(Phrase grounding data)
┌──

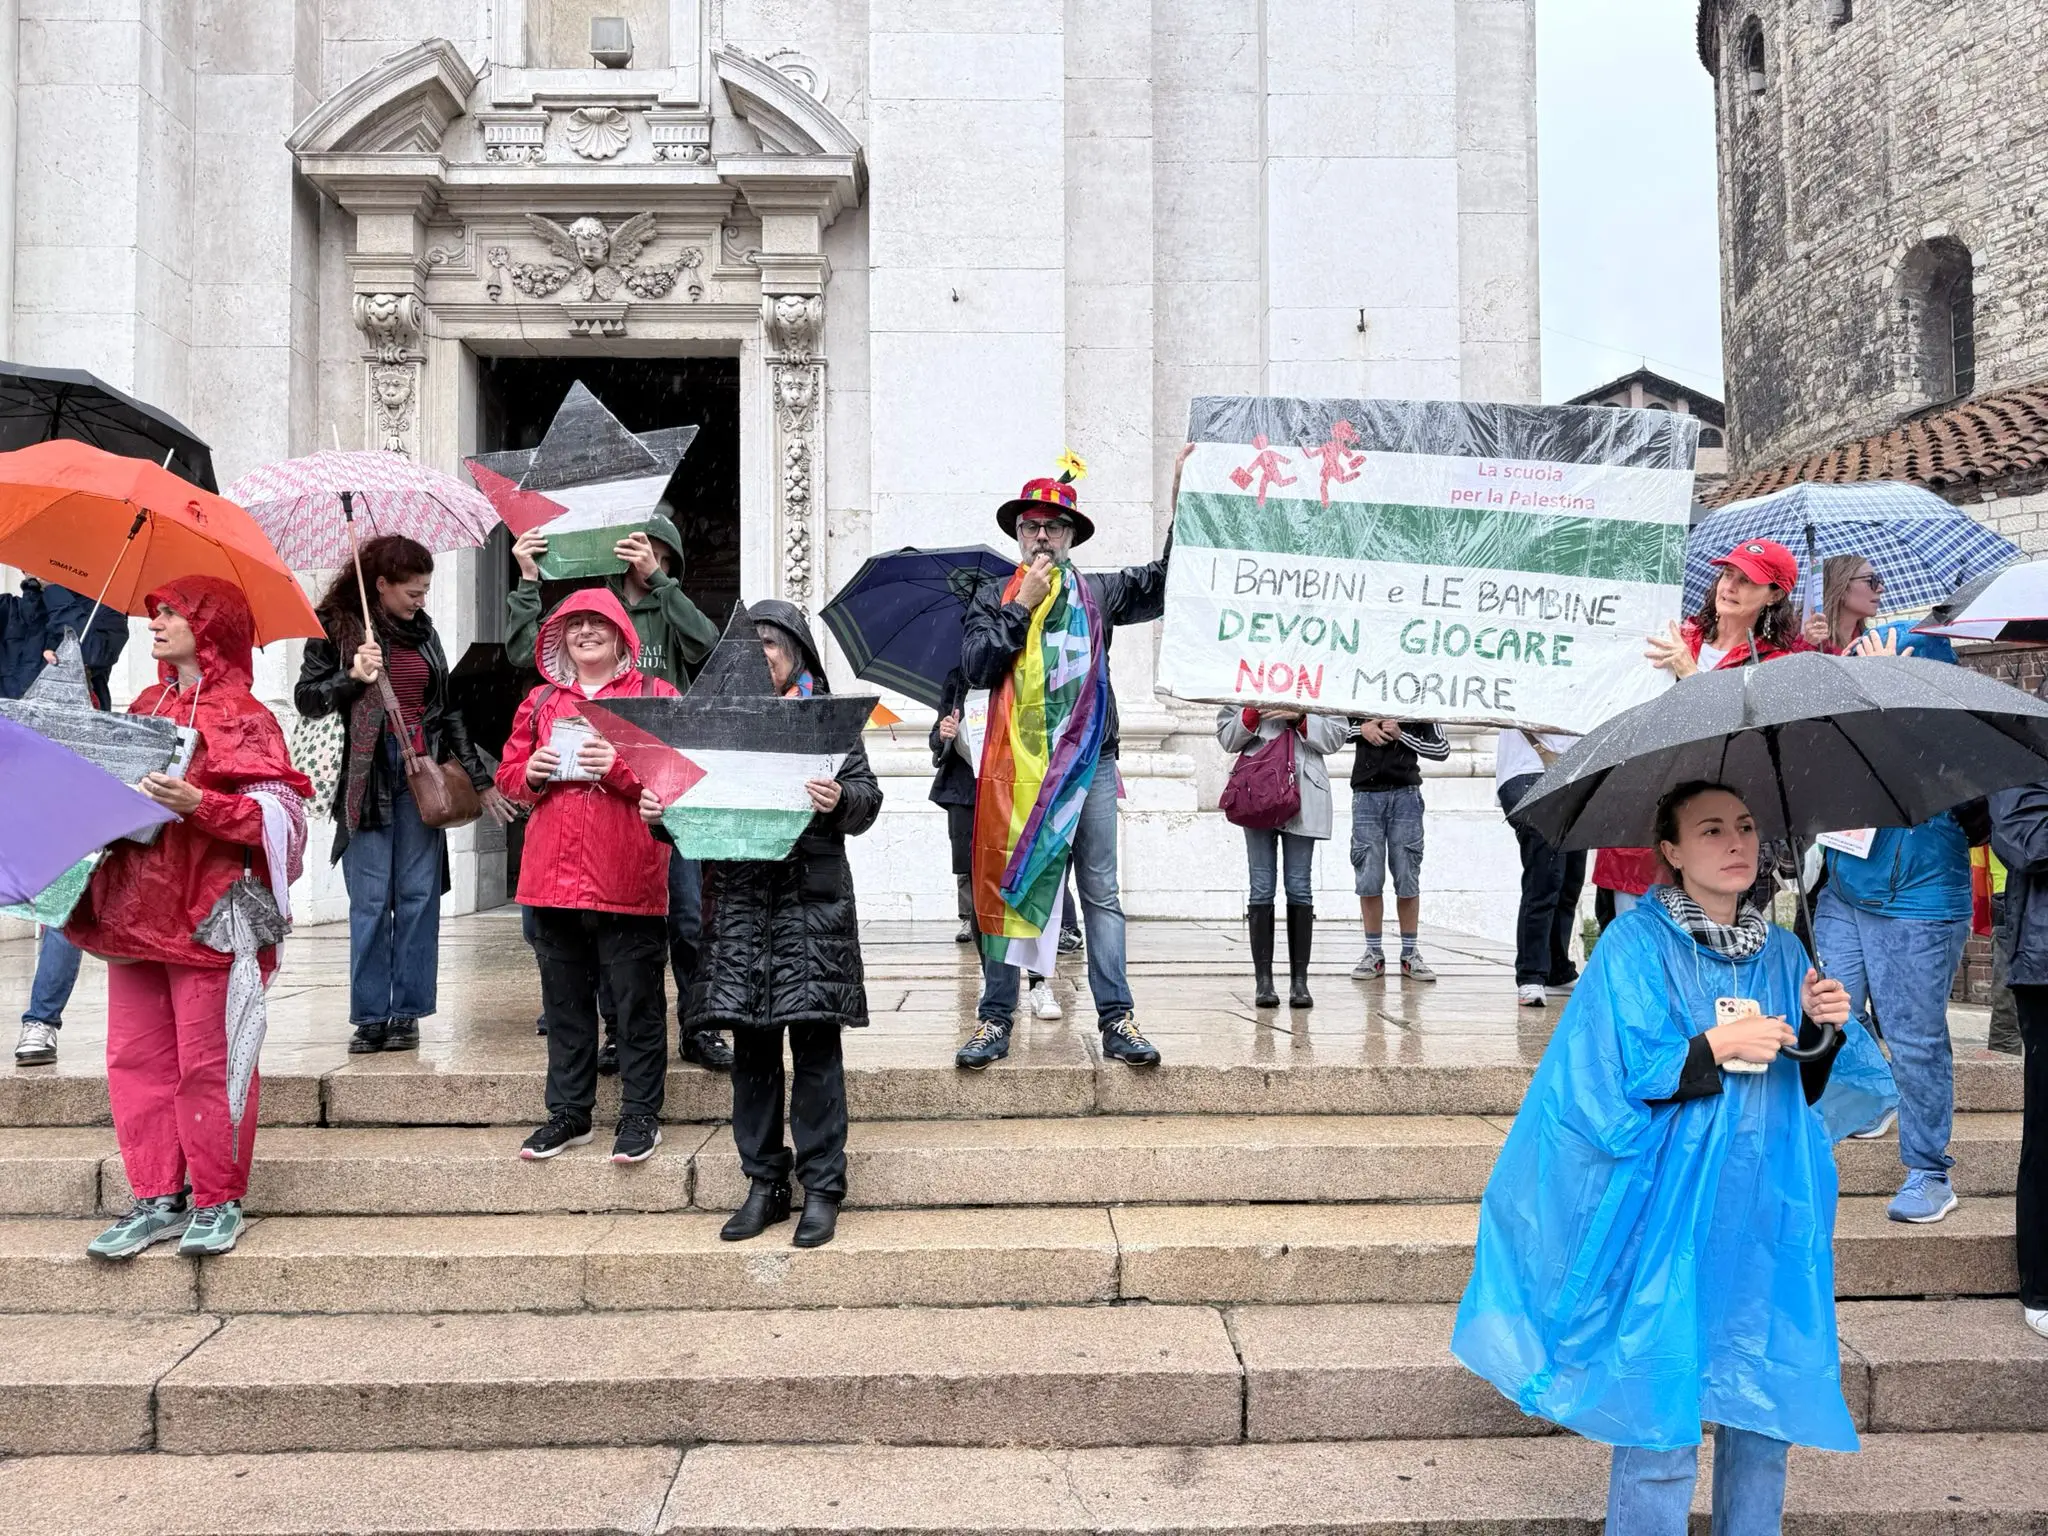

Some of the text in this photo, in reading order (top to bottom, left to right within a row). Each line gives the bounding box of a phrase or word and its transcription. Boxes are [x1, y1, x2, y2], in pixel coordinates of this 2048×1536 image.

[1451, 488, 1596, 510] per la Palestina
[1478, 462, 1564, 482] La scuola
[1211, 557, 1622, 626] I BAMBINI e LE BAMBINE
[1218, 608, 1575, 667] DEVON GIOCARE
[1235, 658, 1517, 712] NON MORIRE

└──

What you should do >> All the lines above must be written out exactly, without a single picture.

Solution to this problem >>
Some of the text in this photo, in reading order (top to bottom, left to right within a row). Each line gives the bounding box of a phrase or word and its transcription. Boxes are [x1, y1, x2, y2], in pixel coordinates of this 2048×1536 image.

[1451, 488, 1596, 510] per la Palestina
[1478, 462, 1564, 482] La scuola
[1211, 557, 1622, 626] I BAMBINI e LE BAMBINE
[1218, 608, 1575, 667] DEVON GIOCARE
[1235, 658, 1517, 712] NON MORIRE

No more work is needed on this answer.